A luta de Virgínia contra o racismo e a fuga de Adelaide de uma Alemanha nazista renderiam longas por si só. O encontro das duas e as suas individualidades se enfraquecem porque o roteiro de Jorge Furtado quer dar conta de muito mais do que da própria narrativa que esta produção parece pedir.
A trama poderia focar mais, por exemplo, nas questões de Virgínia. Ela é o ponto de partida e o fio condutor do enredo. As suas transformações não convencem e soam artificiais por conta dos saltos de época. Ao mesmo tempo, as sequências de denúncia, com uma projeção no fundo ou de simulação de entrevista “gastam” esse tempo de desenvolvimento das personagens, durante a história corrida.
O recurso de quebra, um tanto brechtiana, não é em si uma má ideia. No entanto, a quantidade de vezes que são colocadas em Virgínia e Adelaide estabelece mais uma desconexão da plateia. Além disso, os trechos são repetitivos e a entonação das atrizes é monocórdica nestes momentos.
Por fim, também é possível dizer que a encenação — no que ela é enquanto definição clássica dos autores estudiosos do cinema — falha por parecer ingênua e um tanto egóica. Yasmin Thayná e Jorge Furtado embarcam em uma lógica de inserir planificações e efeitos de câmera mais “expressivos” para tentar construir ritmo.
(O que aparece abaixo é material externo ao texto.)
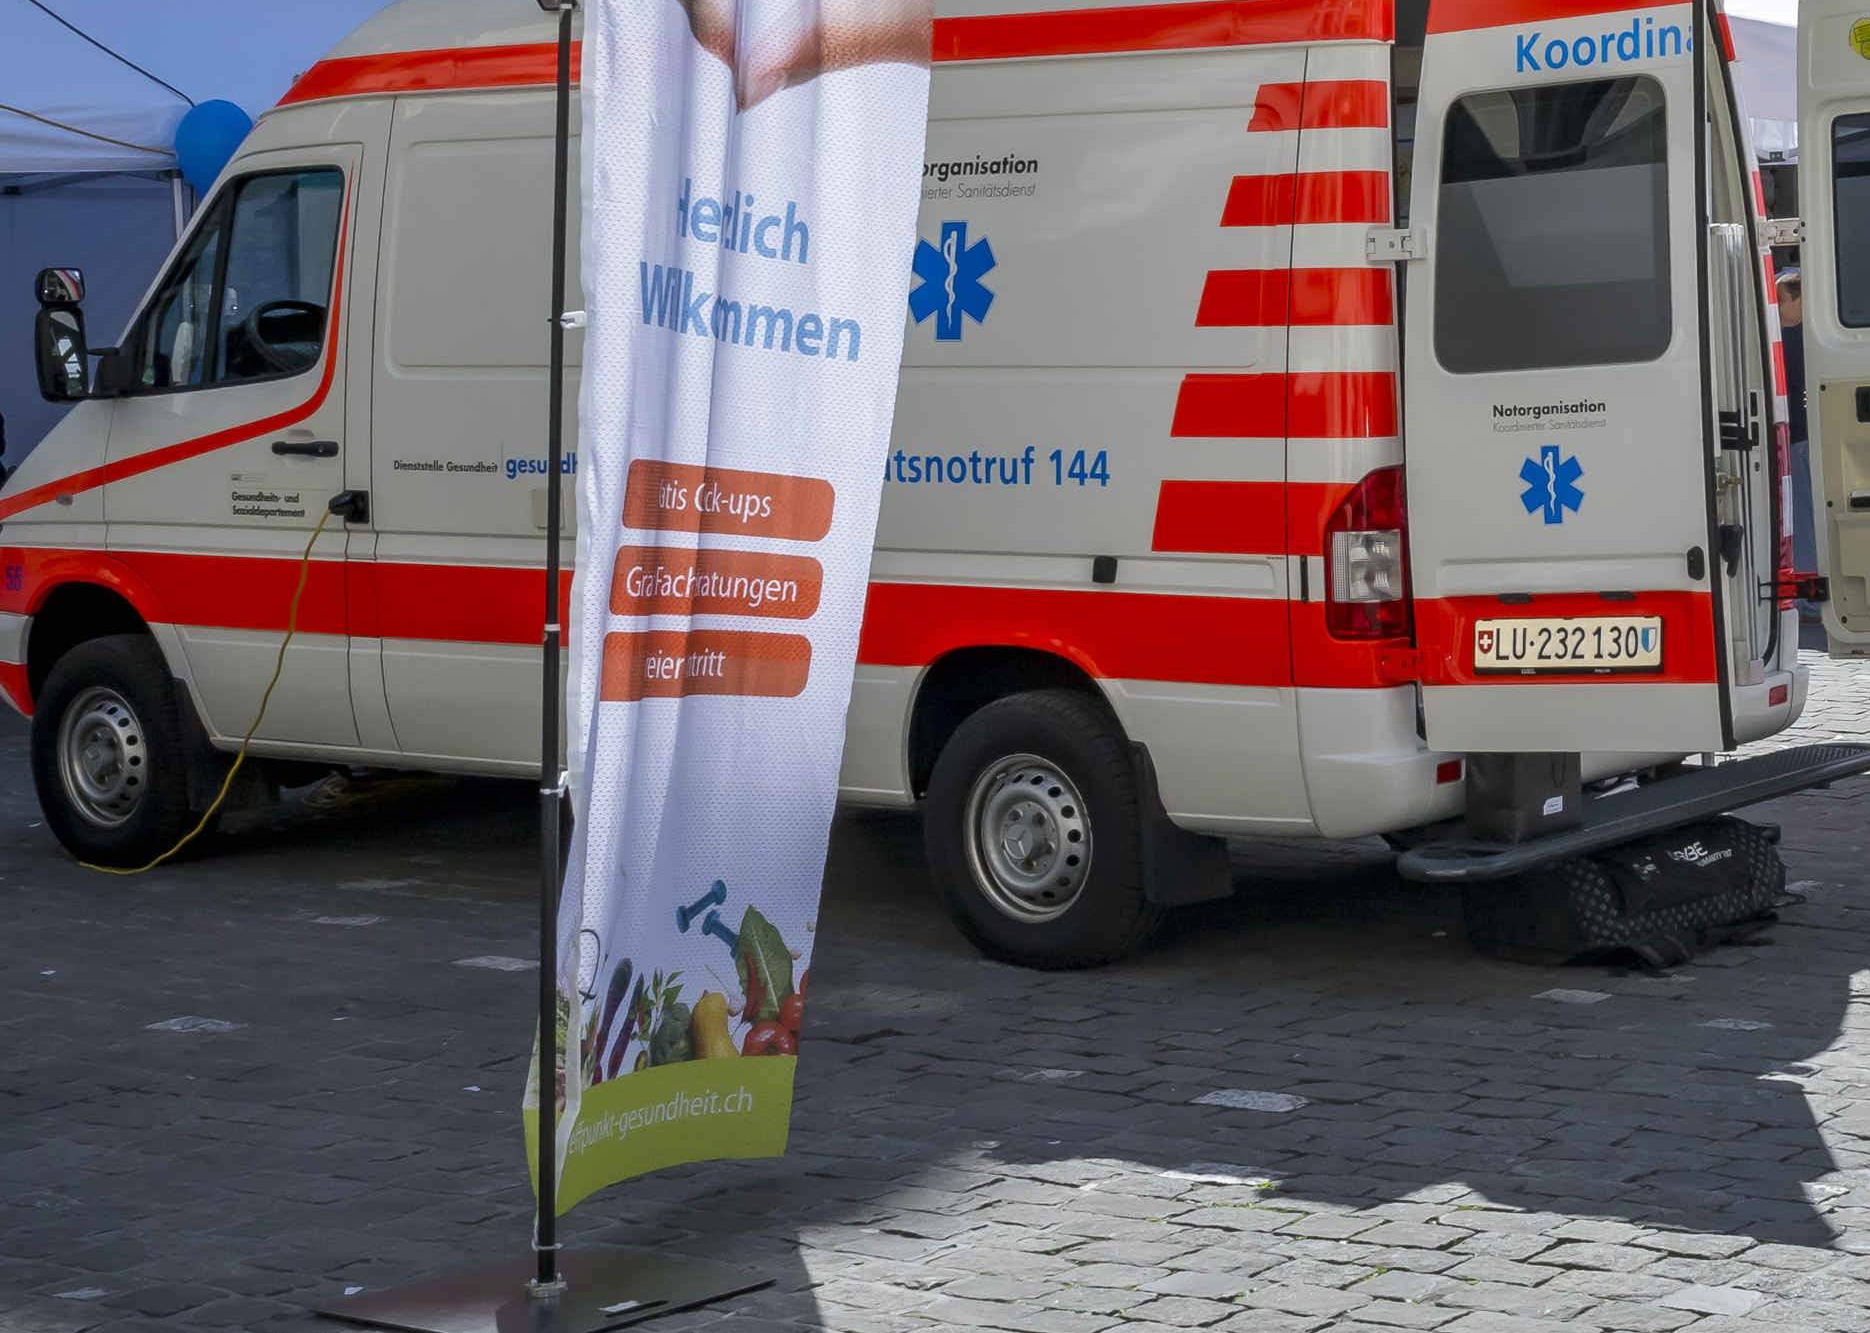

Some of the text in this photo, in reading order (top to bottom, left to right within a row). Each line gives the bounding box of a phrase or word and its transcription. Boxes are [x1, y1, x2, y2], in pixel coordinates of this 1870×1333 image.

Como a produção aposta na verborragia, a direção investe em trazer um dolly zoom aqui, um zenital ali, para que a visualidade ajude a inserir respiros. Esta estratégia enquanto ideia é excelente e até funciona em dados momentos. Contudo, este é, de fato, um longa intimista.
Portanto, a inserção de alguns enquadramentos ou movimentos e efeitos de câmera cortam a investigação das emoções das personagens. E esta é a chave para entender porque a produção não funciona como deveria. Falta deixar espaço para que o público se aproxime delas e consiga olhar com calma para suas vivências e sensações.
Ao mesmo tempo, o carisma de Gabriela Correa e Sophie Charlotte tornam a sessão mais tolerável. O poder da relevância de Virgínia e Adelaide também são bons propulsores para que quem assiste fique atento até o final da exibição.
Desta maneira, mesmo com uma tonalidade monocórdica, tanto na fala quanto na estética – é um filme todo com cores blocadas na Arte. Tudo azulado, preto ou salmão —, as figuras centrais ajudam a criar um conteúdo um tanto interessante.
Charlotte e Correa entregam um trabalho minimamente digno. Seja no sotaque de Adelaide, que poderia ser trágico, mas é convencível, ou nos bifões panfletários que ambas precisam dizer, a suavidade das intenções das intérpretes ajudam a deixar os textos mais orgânicos.